Ele foi um homem de Luanda. Da Vila Alice. Da avenida Brasil, quando esta se chamava Rua do Saber Andar. No tempo em que o asfalto parava em frente às bombas da gasolina Mobil e os candeeiros também.
Construiu ali uma casa, de costas para o largo Camilo Pessanha, de frente para a Caop, bairro que ajudou a construir também.
Vizinho do bar do Miguel e da padaria Independente na esquerda. De sô Santos na direita.
Preparou caminho para a mulher, Rosalina das Dores e para a filha de ambos e assim que pôde, elas chegaram também à cidade, saídas duma aldeia de Tondela.
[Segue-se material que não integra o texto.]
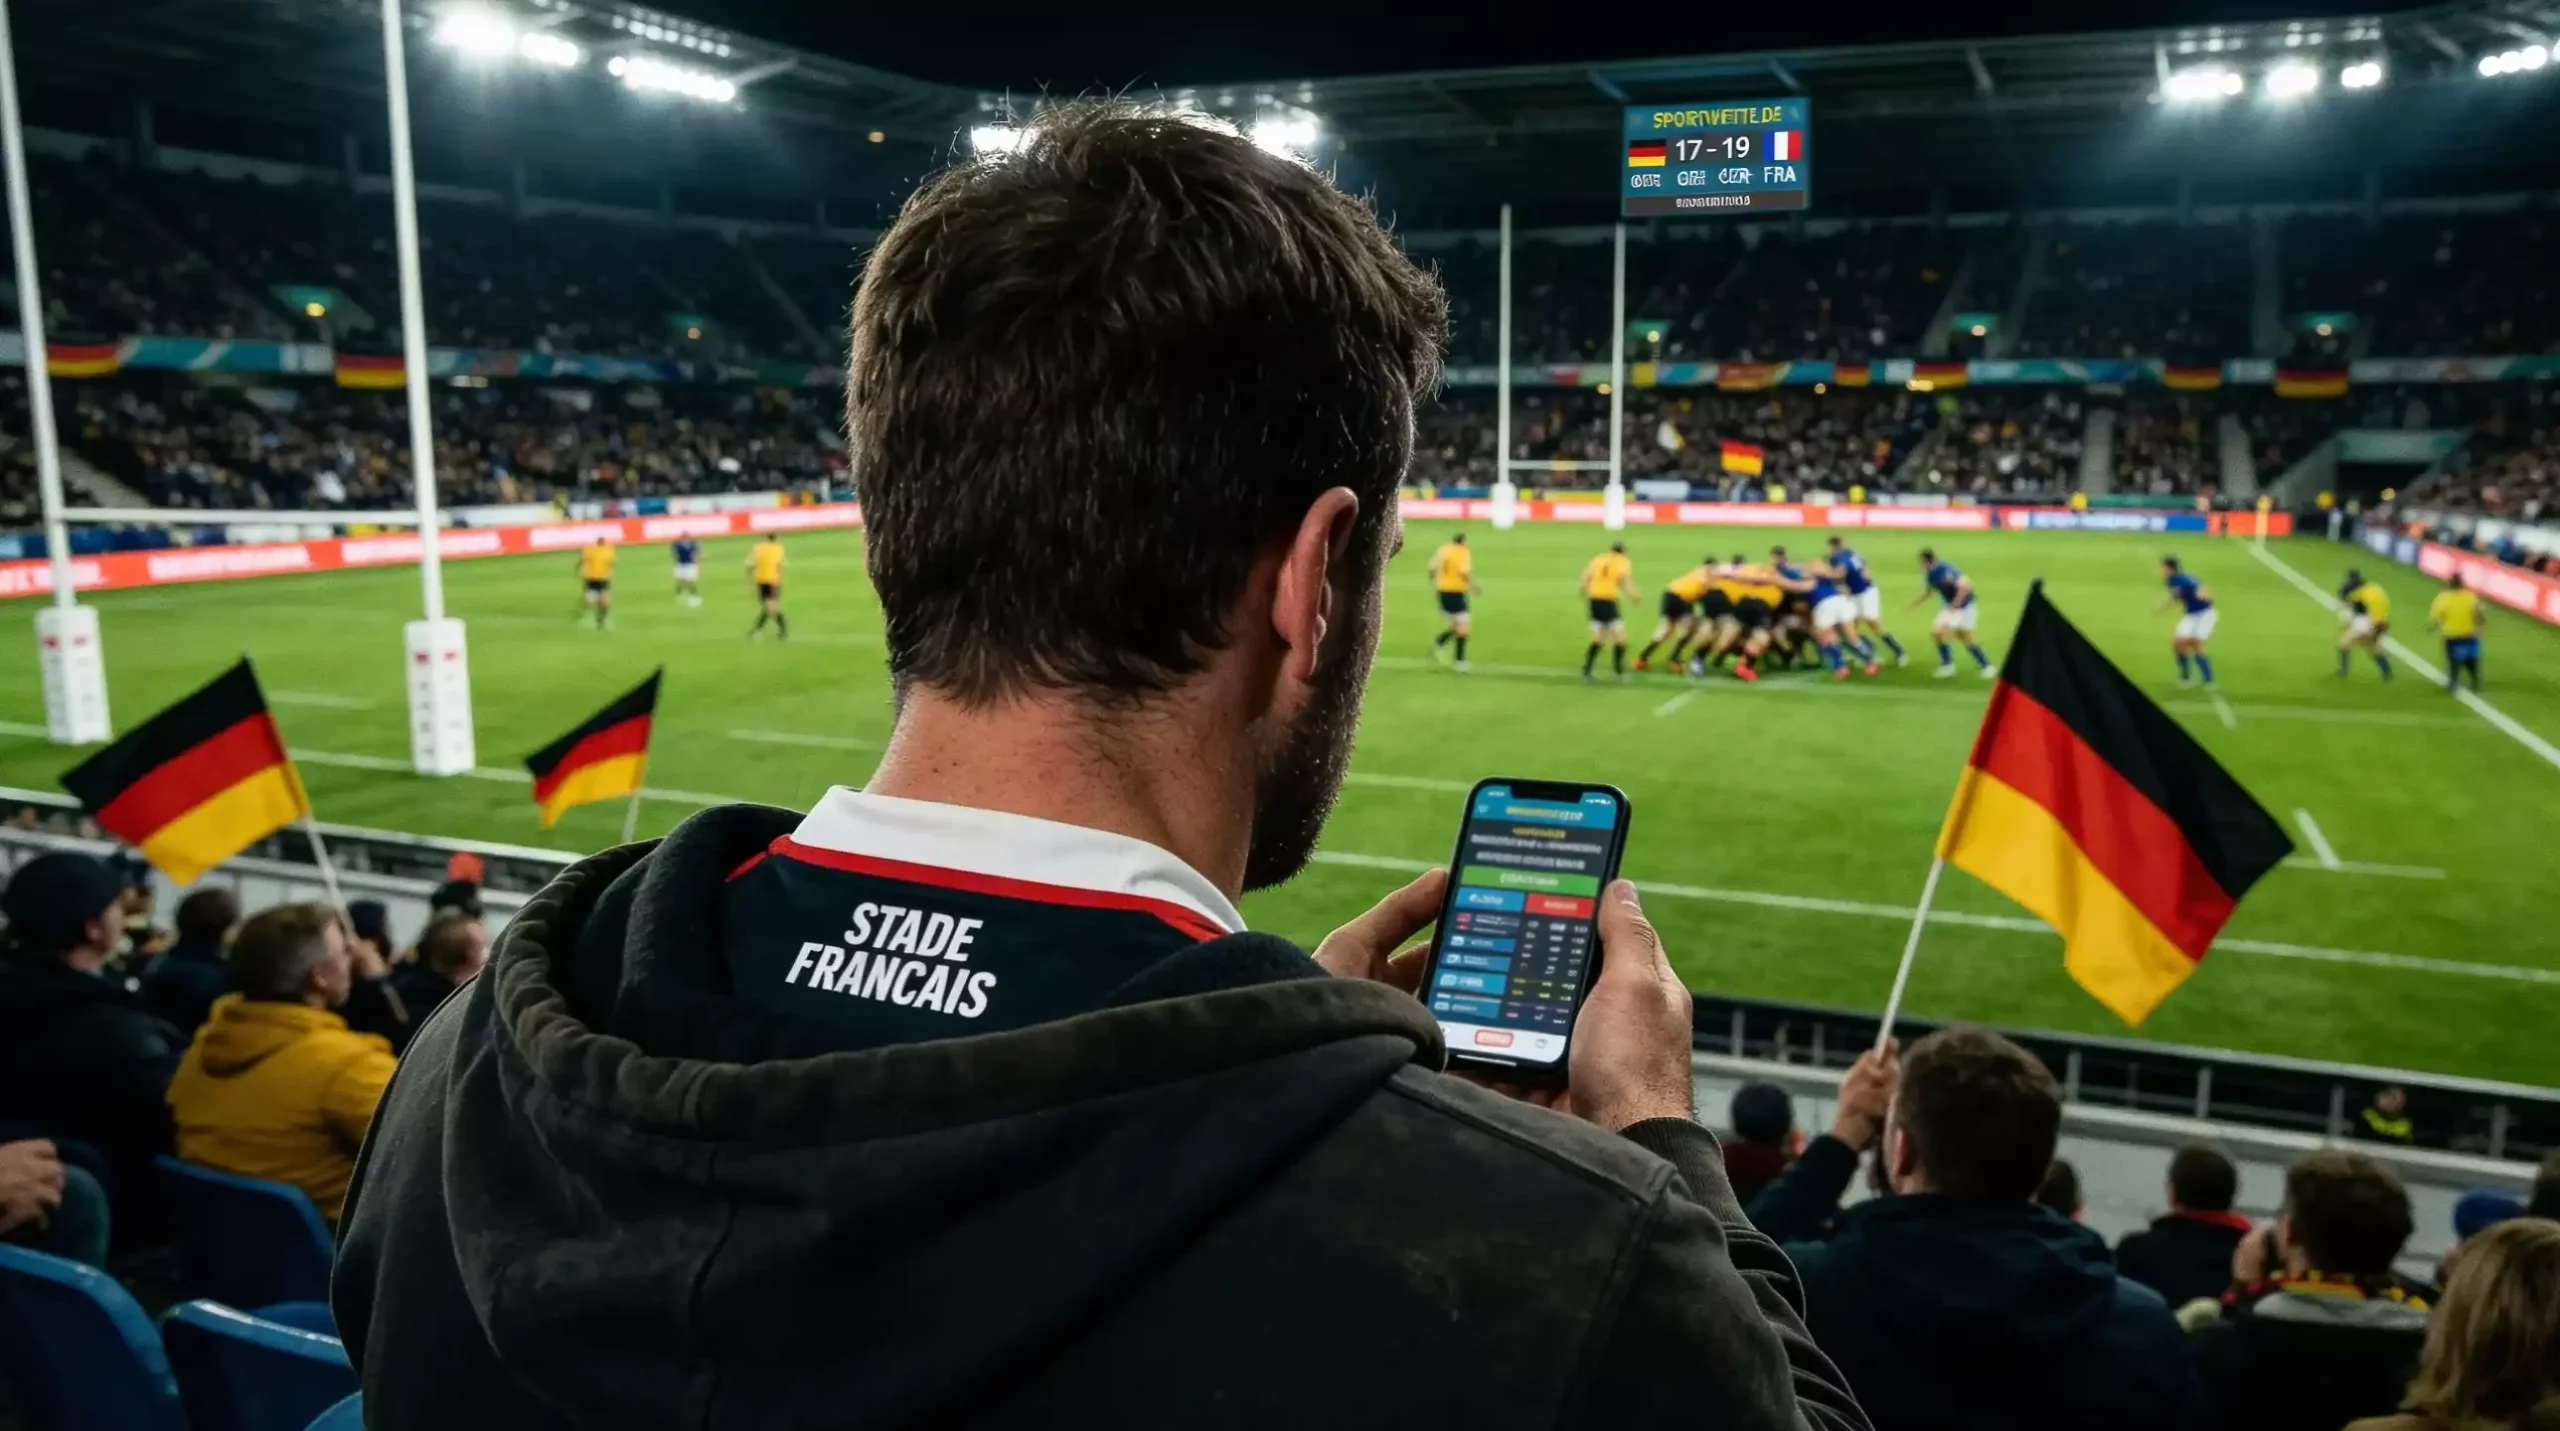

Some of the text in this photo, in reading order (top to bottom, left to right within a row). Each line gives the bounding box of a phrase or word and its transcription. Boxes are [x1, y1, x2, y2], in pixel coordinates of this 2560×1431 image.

[1763, 166, 1797, 183] FRA
[843, 901, 984, 962] STADE
[784, 941, 997, 1018] FRANCAIS
Foram ali felizes até que uma doença prolongada e fatal lhe levou a mulher, ficando a braços com a sua única filha, uma menina ainda.
Ele foi um homem íntegro. Respeitado. Inspirava respeito a todos que com ele conviviam. A todos os que ainda hoje o recordam.
Quando era preciso punha tudo em sentido embora já não fosse militar há muitos anos.
Homem alto, bem constituído, bonito, cabelo farto, olhar penetrante e brincalhão, sorriso malandro, bailando-lhe a cada olhar poisado nos olhos de outros; muitos silêncios, poucas palavras, escolha certa no tom, bem humorado, piada inteligente, decisões justas, de uma só palavra. Dono do seu nariz, fazia o que a razão e o coração lhe mandavam.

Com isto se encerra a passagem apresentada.